July 16: CMS issued a proposed rule on Requirements of Participation for Skilled Nursing Facilities. Comments were due on October 14, 2015 for the over 400-page rule that seeks to micromanage compliance and ethics programs, quality assurance and performance improvement (QAPI), and reporting of suspicious crime requirements. Not only are the demands completely out of scope according to providers, but so is the timeline and cost of implementation. The industry has submitted thousands of substantive comments in opposition of the rule and the dialog with CMS is ongoing.
August 3: Senator Thune (SD) introduced the Rural Health Care Connectivity Act of 2015 (S.1916). The Universal Service Fund’s Rural Health Care Program (RHCP) provides funding for telecommunication and broadband services used to provide healthcare to rural areas. S.1916 specifies that Skilled Nursing Facilities be included in the definition of healthcare providers that are eligible for this funding. This would allow beneficiaries to better connect remotely to all healthcare providers.
August 6: President Obama signed into law the Notice of Observation for Treatment and Implication for Care Eligibility (NOTICE) Act (H.R. 876). It was introduced in the House by Representative Doggett (TX-35) and Representative Young (IN-9) and followed with Senate leads, Senator Cardin (MD) and Senator Enzi (WY). The NOTICE Act requires hospitals to notify Medicare beneficiaries of their outpatient status within 36 hours, as a patient’s status affects their ability to receive Medicare coverage for post-acute services.

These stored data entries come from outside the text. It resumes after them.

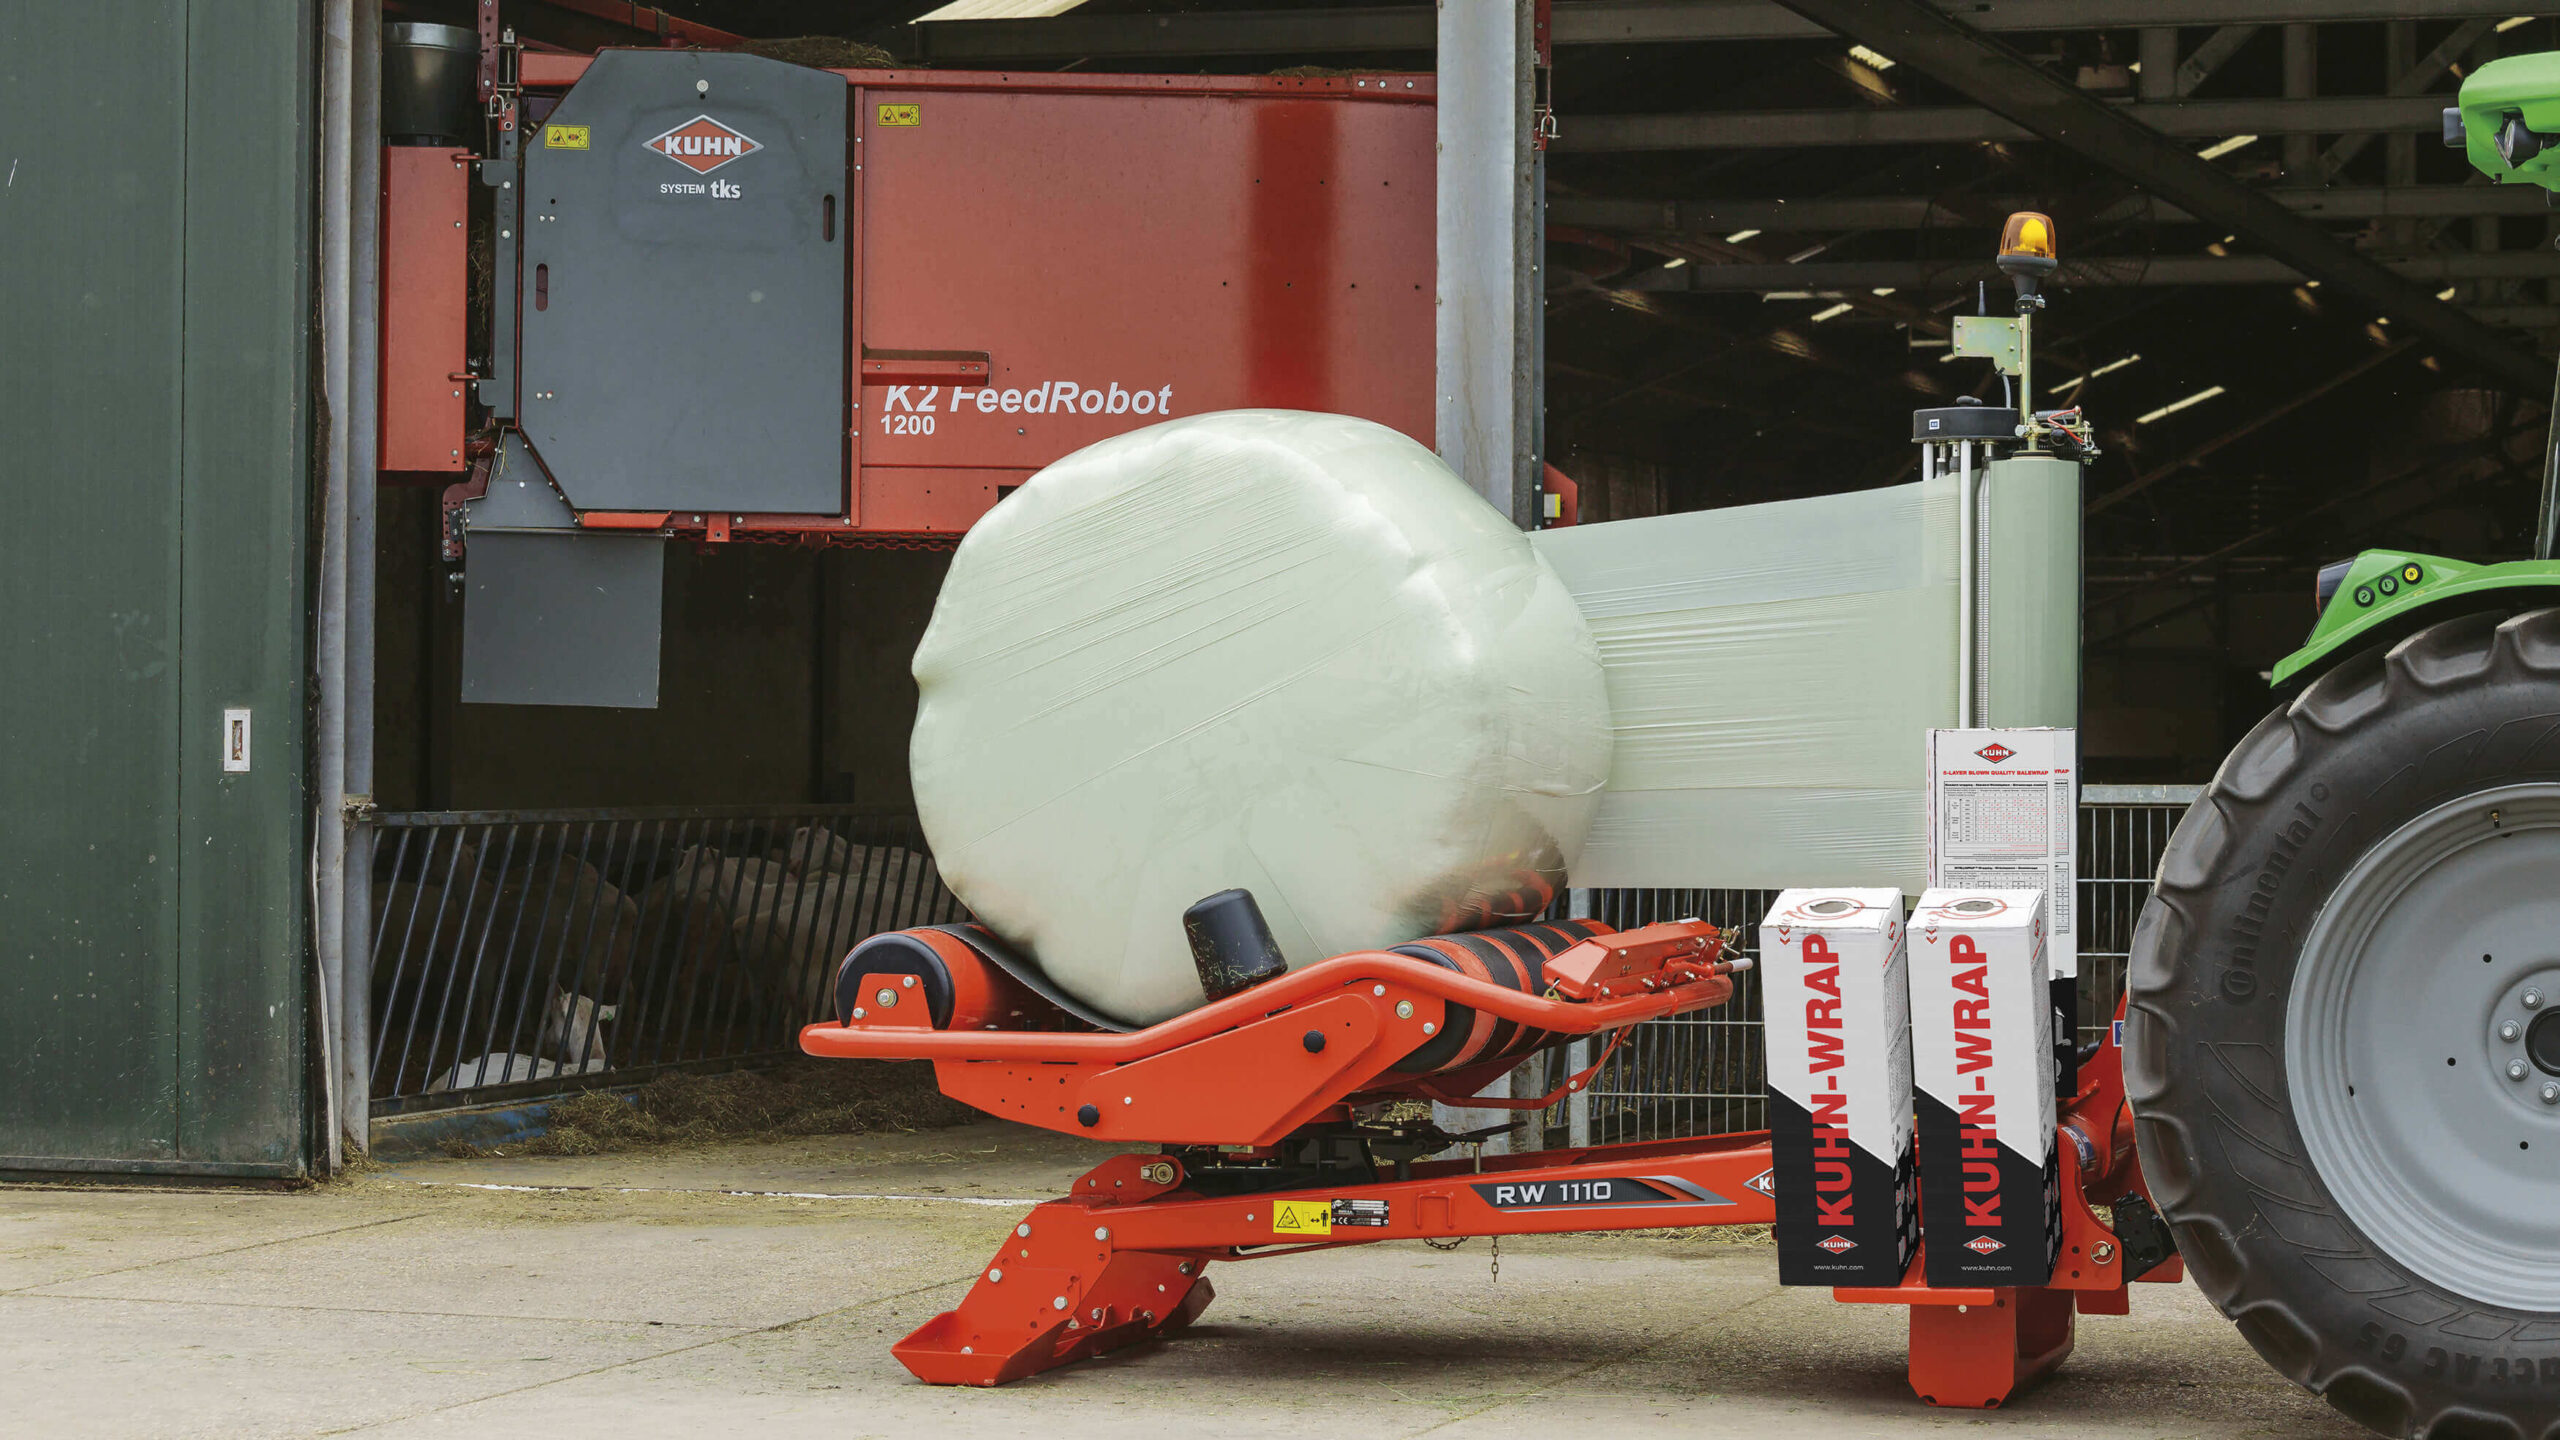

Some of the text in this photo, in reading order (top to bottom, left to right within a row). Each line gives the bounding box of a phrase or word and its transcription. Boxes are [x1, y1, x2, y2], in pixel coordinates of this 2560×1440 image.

[665, 135, 742, 156] KUHN
[660, 179, 741, 199] SYSTEM tks
[884, 381, 1173, 415] K2 FeedRobot
[881, 415, 936, 435] 1200
[1981, 749, 2009, 757] KUHN
[1801, 933, 1854, 1226] KUHN-WRAP
[1949, 934, 2002, 1227] KUHN-WRAP
[1496, 1181, 1612, 1204] RW 1110
[1759, 1176, 1775, 1190] K
[1823, 1241, 1851, 1249] KUHN
[1970, 1241, 1999, 1250] KUHN

October 29: Speaker Paul Ryan (WI-1) is sworn into office and subsequently Representative Kevin Brady (TX-8) is elected as the new Chairman of the House Ways and Means Committee.
November 2: President Obama signs into law the Bipartisan Budget Act of 2015. This law suspends the debt ceiling until March 2017 and will fund the government for nearly two years. The only pay-for that will affect SNFs is the extension of the Medicare sequester an additional year, until 2025. There is also a cap on Medicare Part B premium increases included. The law repeals section 18A of the Fair Labor Standards Act (FLSA) which would have required employers with more than 200 employees to enroll new full-time hires in an employee health plan. This was a provision included in the Affordable Care Act.
November 11: CMS finalized a new rule to establish the Comprehensive Care for Joint Replacement (CJR) program. This calls for a bundled payment program for all hip and knee replacement procedures in 67 Metropolitan Statistical Areas (MSA) throughout the country. The hospital will hold the bundle for the entire episode of care, which is defined as the time of surgery through 90 days after discharge. This rule allows for all SNF providers with a three-star rating or higher to apply for a waiver of the three-day stay requirement beginning in year two of the program. This five-year program is scheduled to begin April 1, 2016.
December 18: President Obama signed into law the Consolidated Appropriations Package, which is a combination of the $1.1T Omnibus spending bill and the tax extenders bill, totaling almost $2T. The Package has approximately $3.5B of healthcare offsets and includes Medicare imaging cuts as well as a two-year suspension of the medical device tax.